◆ **Required work**
Below are the records to retype. Keep every character exactly and leave out the pictures.

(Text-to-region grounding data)
---+---
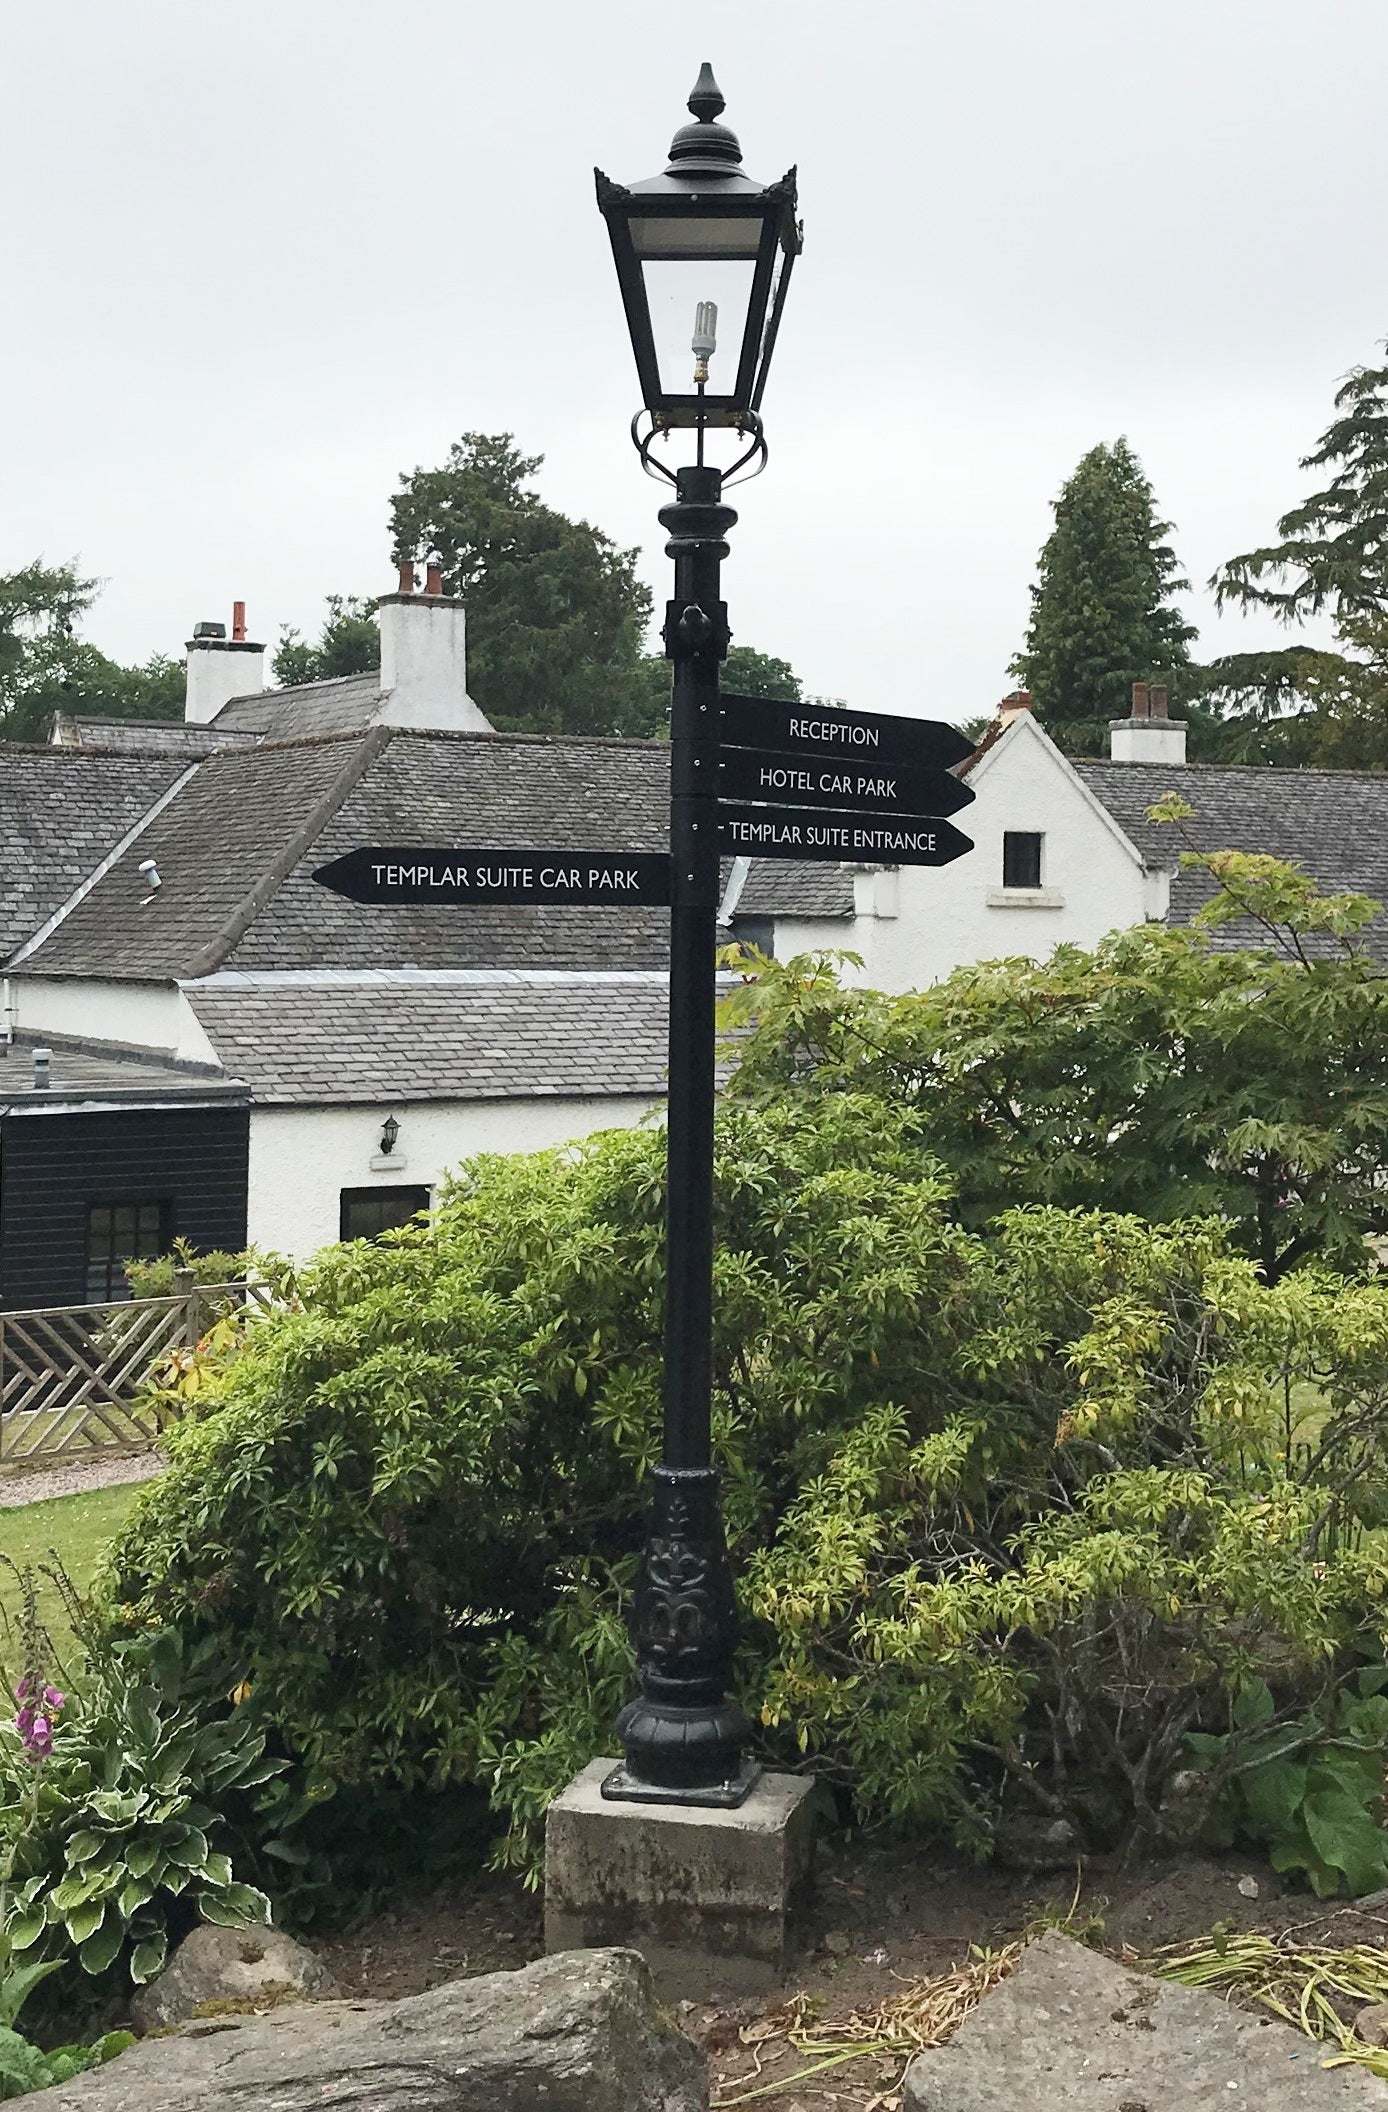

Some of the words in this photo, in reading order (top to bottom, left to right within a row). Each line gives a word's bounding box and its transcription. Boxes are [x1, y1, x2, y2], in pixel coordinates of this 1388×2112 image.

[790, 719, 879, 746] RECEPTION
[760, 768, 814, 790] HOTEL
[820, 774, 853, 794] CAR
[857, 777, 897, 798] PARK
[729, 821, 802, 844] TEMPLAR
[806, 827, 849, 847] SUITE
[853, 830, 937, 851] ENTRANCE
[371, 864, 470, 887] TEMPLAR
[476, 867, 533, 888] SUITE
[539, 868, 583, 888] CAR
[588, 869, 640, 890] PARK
---+---
◆ **Answer box**
Some of the words in this photo, in reading order (top to bottom, left to right within a row). Each line gives a word's bounding box and its transcription. Boxes are [x1, y1, x2, y2], in pixel coordinates of this 1388×2112 image.

[790, 719, 879, 746] RECEPTION
[760, 768, 814, 790] HOTEL
[820, 774, 853, 794] CAR
[857, 777, 897, 798] PARK
[729, 821, 802, 844] TEMPLAR
[806, 827, 849, 847] SUITE
[853, 830, 937, 851] ENTRANCE
[371, 864, 470, 887] TEMPLAR
[476, 867, 533, 888] SUITE
[539, 868, 583, 888] CAR
[588, 869, 640, 890] PARK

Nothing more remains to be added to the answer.